== ENTRIES SUPPLIED ==
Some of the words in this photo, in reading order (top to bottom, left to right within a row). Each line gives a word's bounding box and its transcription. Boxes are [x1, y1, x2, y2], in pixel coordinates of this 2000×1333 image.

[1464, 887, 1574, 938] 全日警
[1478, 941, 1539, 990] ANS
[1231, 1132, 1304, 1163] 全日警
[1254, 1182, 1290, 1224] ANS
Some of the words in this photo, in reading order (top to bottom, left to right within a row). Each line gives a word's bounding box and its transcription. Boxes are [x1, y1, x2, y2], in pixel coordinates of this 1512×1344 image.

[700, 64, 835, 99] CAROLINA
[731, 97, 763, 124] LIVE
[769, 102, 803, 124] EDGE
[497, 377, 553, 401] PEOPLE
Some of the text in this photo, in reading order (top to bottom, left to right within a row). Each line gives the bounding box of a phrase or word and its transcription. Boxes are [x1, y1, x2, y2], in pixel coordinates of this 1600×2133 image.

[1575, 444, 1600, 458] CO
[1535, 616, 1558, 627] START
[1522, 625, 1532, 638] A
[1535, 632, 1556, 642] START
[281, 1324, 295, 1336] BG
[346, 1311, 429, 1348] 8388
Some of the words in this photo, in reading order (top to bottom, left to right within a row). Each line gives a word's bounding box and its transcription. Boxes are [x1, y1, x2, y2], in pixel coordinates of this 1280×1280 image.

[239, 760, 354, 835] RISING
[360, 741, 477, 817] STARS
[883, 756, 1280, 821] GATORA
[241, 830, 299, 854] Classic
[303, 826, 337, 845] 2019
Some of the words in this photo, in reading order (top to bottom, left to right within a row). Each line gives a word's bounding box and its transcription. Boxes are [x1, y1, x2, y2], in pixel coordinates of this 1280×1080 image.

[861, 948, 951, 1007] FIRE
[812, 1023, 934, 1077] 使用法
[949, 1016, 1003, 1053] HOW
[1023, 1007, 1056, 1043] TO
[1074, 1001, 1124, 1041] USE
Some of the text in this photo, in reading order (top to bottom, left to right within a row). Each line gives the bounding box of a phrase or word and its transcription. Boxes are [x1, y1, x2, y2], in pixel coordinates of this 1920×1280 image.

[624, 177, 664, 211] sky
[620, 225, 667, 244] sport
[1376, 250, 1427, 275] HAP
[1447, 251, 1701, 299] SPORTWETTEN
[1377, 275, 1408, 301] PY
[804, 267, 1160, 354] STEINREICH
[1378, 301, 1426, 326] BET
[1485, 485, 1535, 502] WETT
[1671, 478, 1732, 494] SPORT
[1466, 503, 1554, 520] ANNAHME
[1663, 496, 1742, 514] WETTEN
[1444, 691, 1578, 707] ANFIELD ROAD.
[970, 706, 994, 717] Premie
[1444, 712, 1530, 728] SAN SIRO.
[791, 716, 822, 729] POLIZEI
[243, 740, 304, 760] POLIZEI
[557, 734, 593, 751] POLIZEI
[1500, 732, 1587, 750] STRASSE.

== EXERCISE ==
Copy out all of the material, word for word.

== COMPLETED TASK ==
Some of the words in this photo, in reading order (top to bottom, left to right within a row). Each line gives a word's bounding box and its transcription. Boxes are [x1, y1, x2, y2], in pixel coordinates of this 2000×1333 image.

[1464, 887, 1574, 938] 全日警
[1478, 941, 1539, 990] ANS
[1231, 1132, 1304, 1163] 全日警
[1254, 1182, 1290, 1224] ANS
Some of the words in this photo, in reading order (top to bottom, left to right within a row). Each line gives a word's bounding box and its transcription. Boxes are [x1, y1, x2, y2], in pixel coordinates of this 1512×1344 image.

[700, 64, 835, 99] CAROLINA
[731, 97, 763, 124] LIVE
[769, 102, 803, 124] EDGE
[497, 377, 553, 401] PEOPLE
Some of the text in this photo, in reading order (top to bottom, left to right within a row). Each line gives the bounding box of a phrase or word and its transcription. Boxes are [x1, y1, x2, y2], in pixel coordinates of this 1600×2133 image.

[1575, 444, 1600, 458] CO
[1535, 616, 1558, 627] START
[1522, 625, 1532, 638] A
[1535, 632, 1556, 642] START
[281, 1324, 295, 1336] BG
[346, 1311, 429, 1348] 8388
Some of the words in this photo, in reading order (top to bottom, left to right within a row). Each line gives a word's bounding box and its transcription. Boxes are [x1, y1, x2, y2], in pixel coordinates of this 1280×1280 image.

[239, 760, 354, 835] RISING
[360, 741, 477, 817] STARS
[883, 756, 1280, 821] GATORA
[241, 830, 299, 854] Classic
[303, 826, 337, 845] 2019
Some of the words in this photo, in reading order (top to bottom, left to right within a row). Each line gives a word's bounding box and its transcription. Boxes are [x1, y1, x2, y2], in pixel coordinates of this 1280×1080 image.

[861, 948, 951, 1007] FIRE
[812, 1023, 934, 1077] 使用法
[949, 1016, 1003, 1053] HOW
[1023, 1007, 1056, 1043] TO
[1074, 1001, 1124, 1041] USE
Some of the text in this photo, in reading order (top to bottom, left to right within a row). Each line gives the bounding box of a phrase or word and its transcription. Boxes are [x1, y1, x2, y2], in pixel coordinates of this 1920×1280 image.

[624, 177, 664, 211] sky
[620, 225, 667, 244] sport
[1376, 250, 1427, 275] HAP
[1447, 251, 1701, 299] SPORTWETTEN
[1377, 275, 1408, 301] PY
[804, 267, 1160, 354] STEINREICH
[1378, 301, 1426, 326] BET
[1485, 485, 1535, 502] WETT
[1671, 478, 1732, 494] SPORT
[1466, 503, 1554, 520] ANNAHME
[1663, 496, 1742, 514] WETTEN
[1444, 691, 1578, 707] ANFIELD ROAD.
[970, 706, 994, 717] Premie
[1444, 712, 1530, 728] SAN SIRO.
[791, 716, 822, 729] POLIZEI
[243, 740, 304, 760] POLIZEI
[557, 734, 593, 751] POLIZEI
[1500, 732, 1587, 750] STRASSE.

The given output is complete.